Happy Birthday, Harvey!


----------



## Guest (Sep 16, 2011)

Happy Birthday, Harvey!










And the last one on Geoffrey's list is read "Tanjobi Omedetto," if you want to be able to say it.


----------



## mom133d (aka Liz) (Nov 25, 2008)

Many happy returns of the day!


----------



## geoffthomas (Feb 27, 2009)

Happy Birthday Harvey.


----------



## crebel (Jan 15, 2009)

Happy Birthday to you.  Happy Birthday to you!  Happy Birthday, dear Harvey.  Happy Birthday to you.  And many more!!!

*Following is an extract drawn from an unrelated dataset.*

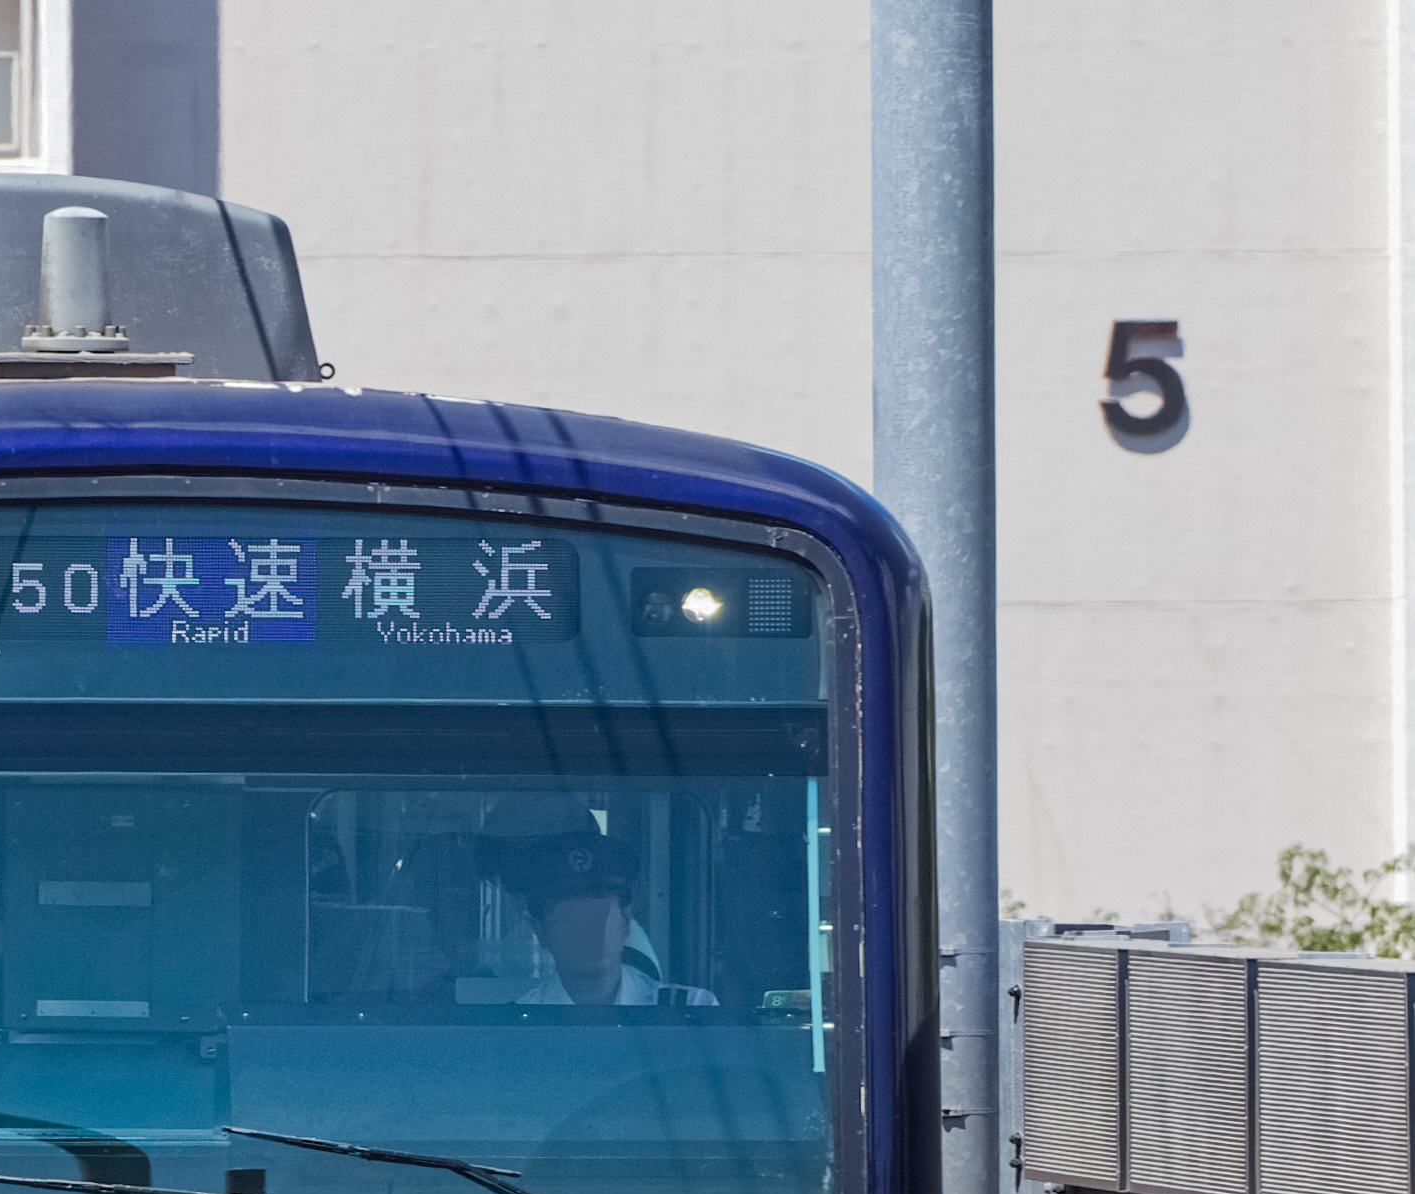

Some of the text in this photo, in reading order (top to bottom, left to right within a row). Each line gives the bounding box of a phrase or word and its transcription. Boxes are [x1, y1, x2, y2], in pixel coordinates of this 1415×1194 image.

[1099, 320, 1188, 454] 5
[12, 537, 553, 620] 50 快速 横浜
[171, 619, 514, 645] Rapid Yokohama

Now that my dog is howling from my singing, I'll just say thanks for starting KB and all you do for us.  Have a fantastic day.

Chris


----------



## kcmay (Jul 14, 2010)

Happy birthday, Harvey!


----------



## Sean Sweeney (Apr 17, 2010)

Happy birthday to the bossman.


----------



## drenee (Nov 11, 2008)

Happy wonderful birthday to our fearless leader.  
deb


----------



## Gertie Kindle (Nov 6, 2008)

This cake is just for you. Happy Birthday, Harvey.


----------



## Daphne (May 27, 2010)

Happy Birthday!










(A Kindle Party)


----------



## 39179 (Mar 16, 2011)

*HAPPY BIRTHDAY, HARVEY!!!!! *


----------



## ashel (May 29, 2011)

Yay! Have a great day!


----------



## Lynn McNamee (Jan 8, 2009)

Happy Birthday, Harvey!


----------



## Tammie Clarke Gibbs (Dec 30, 2010)

Happy Birthday Harvey!!!


----------



## MF Strnad (Jun 21, 2011)

Happy Birthday!


----------



## RedTash (Aug 14, 2011)

Happy Birthday, Harvey!!


----------



## loonlover (Jul 4, 2009)

Happy Birthday, Harvey.


----------



## destill (Oct 5, 2010)

Happy Birthday, Harvey!


----------



## BTackitt (Dec 15, 2008)

When anyone asks how old you are, the correct answer is 21, with experience. No one need know how much experience you have at being 21.


----------



## Peter Salisbury (Mar 3, 2010)

Thanks for the tip-off, Betsy!

Happy Birthday Harvey and thanks for everything you do for us!

Peter


----------



## 13500 (Apr 22, 2010)

Hope you have a great birthday, Harvey! Thanks for all you do for indie writers.


----------



## Geoffrey (Jun 20, 2009)

BTackitt said:


> When anyone asks how old you are, the correct answer is 21, with experience. No one need know how much experience you have at being 21.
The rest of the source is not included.